A: I feel that banning hypothesis tests is a great idea except for a select few "existence" hypotheses, e.g. testing the null hypothesis that there is not extra-sensory perception where all one would need to demonstrate to have evidence that ESP exists is non-randomness.  But I think the journal missed the point that the main driver of poor research in psychology is the use of a threshold on $P$-values.  It has been demonstrated in psychology and most other fields that a good deal of gaming goes on to arrive at $P < 0.05$.  This includes hypothesis substitution, removing of observations, and subsetting data.  It is thresholds that should be banned first.
The banning of confidence intervals is also overboard, but not for the reasons others have stated.  Confidence intervals are useful only if one misinterprets them as Bayesian credible intervals (for suitable non-information priors).  But they are still useful.  The fact that their exact frequentist interpretation leads to nothing but confusion implies that we need to "get out of Dodge" and go Bayesian or likelihood school.  But useful results can be obtained by misinterpreting good old confidence limits.
It is a shame that the editors of the journal misunderstood Bayesian statistics and don't know of the existence of pure likelihood inference.  What they are seeking can be easily provided by Bayesian posterior distributions using slightly skeptical priors.
A: I see this approach as an attempt to address the inability of social psychology to replicate many previously published 'significant findings.' 
Its disadvantages are:


*

*that it doesn't address many of the factors leading to spurious effects.  E.g., 


*

*A) People can still peek at their data and stop running their studies when an effect size strikes them as being sufficiently large to be of interest.  
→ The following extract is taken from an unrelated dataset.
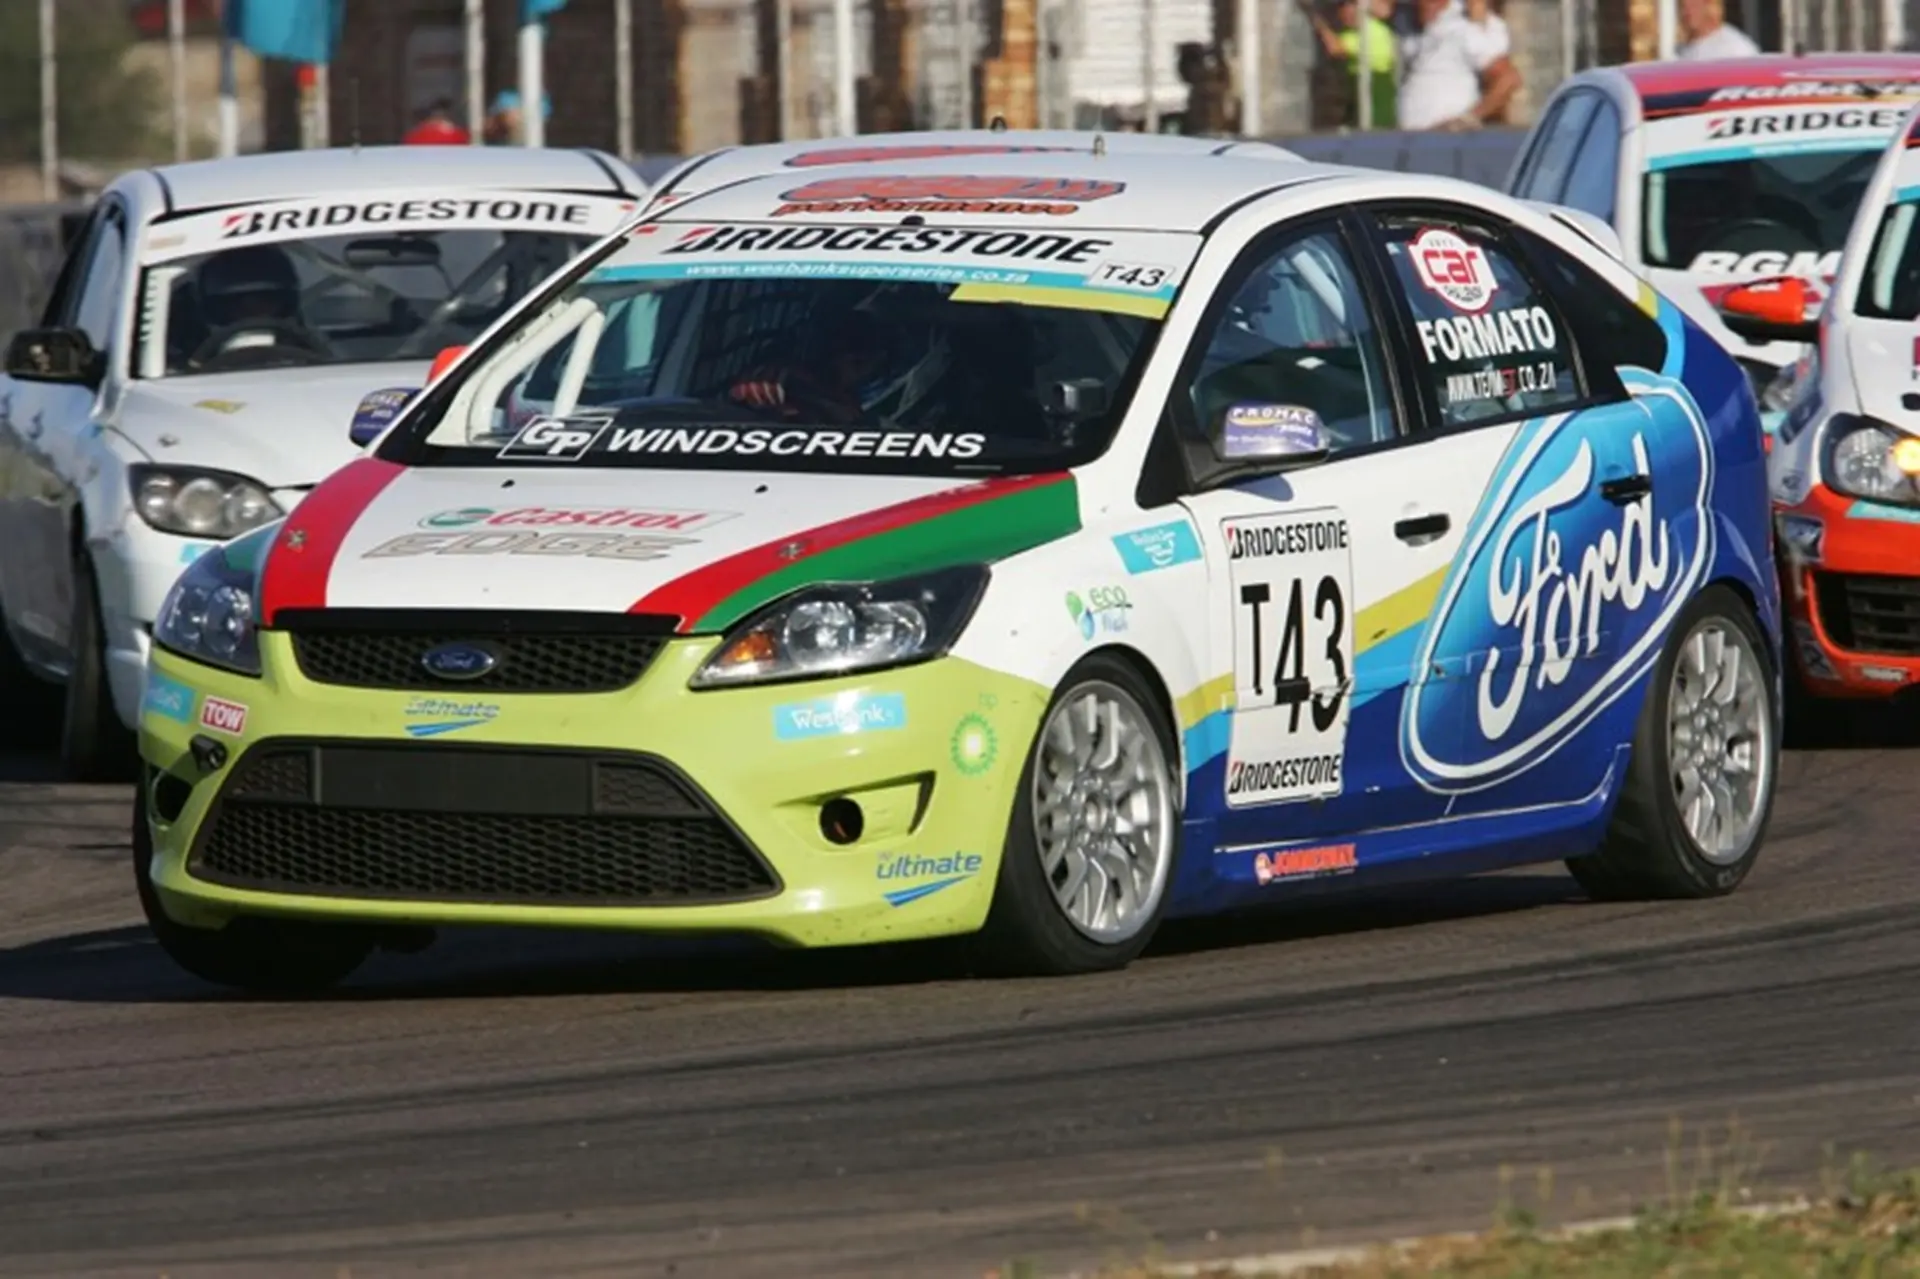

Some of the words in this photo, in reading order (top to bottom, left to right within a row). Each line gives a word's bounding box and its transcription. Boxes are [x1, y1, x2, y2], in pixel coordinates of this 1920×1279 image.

*B) Large effects sizes will still appear to have large power in retrospective assessments of power. 

*C) People will still fish for interesting and big effects (testing a bunch of hypotheses in an experiment and then reporting the one that popped up) or 

*D) pretend that an unexpected weird effect was expected all along. 
Shouldn't efforts be made to address these issues first?

*As a field going forwards it will make a review of past findings pretty awful.  There is no way to quantitatively assess the believability of different studies.  If every journal implemented this approach, you'll have a bunch of social scientists saying there is evidence for X when it is totally unclear how believable X is and scientists arguing about how to interpret a published effect or arguing about whether it is important or worth talking about.  Isn't this the point of having stats?  To provide a consistent way to assess numbers.  In my opinion, this new approach would cause a mess if it was widely implemented.  

*This change does not encourage researchers to submit the results of studies with small effect sizes so it doesn't really address the file-drawer effect (or are they going to publish findings with large n's regardless of effect size?).  If we published all results of carefully designed studies, then even though the believability of results of individual studies may be uncertain, meta-analyses and reviews of studies that supplied statistical analysis would do a much better job at identifying the truth.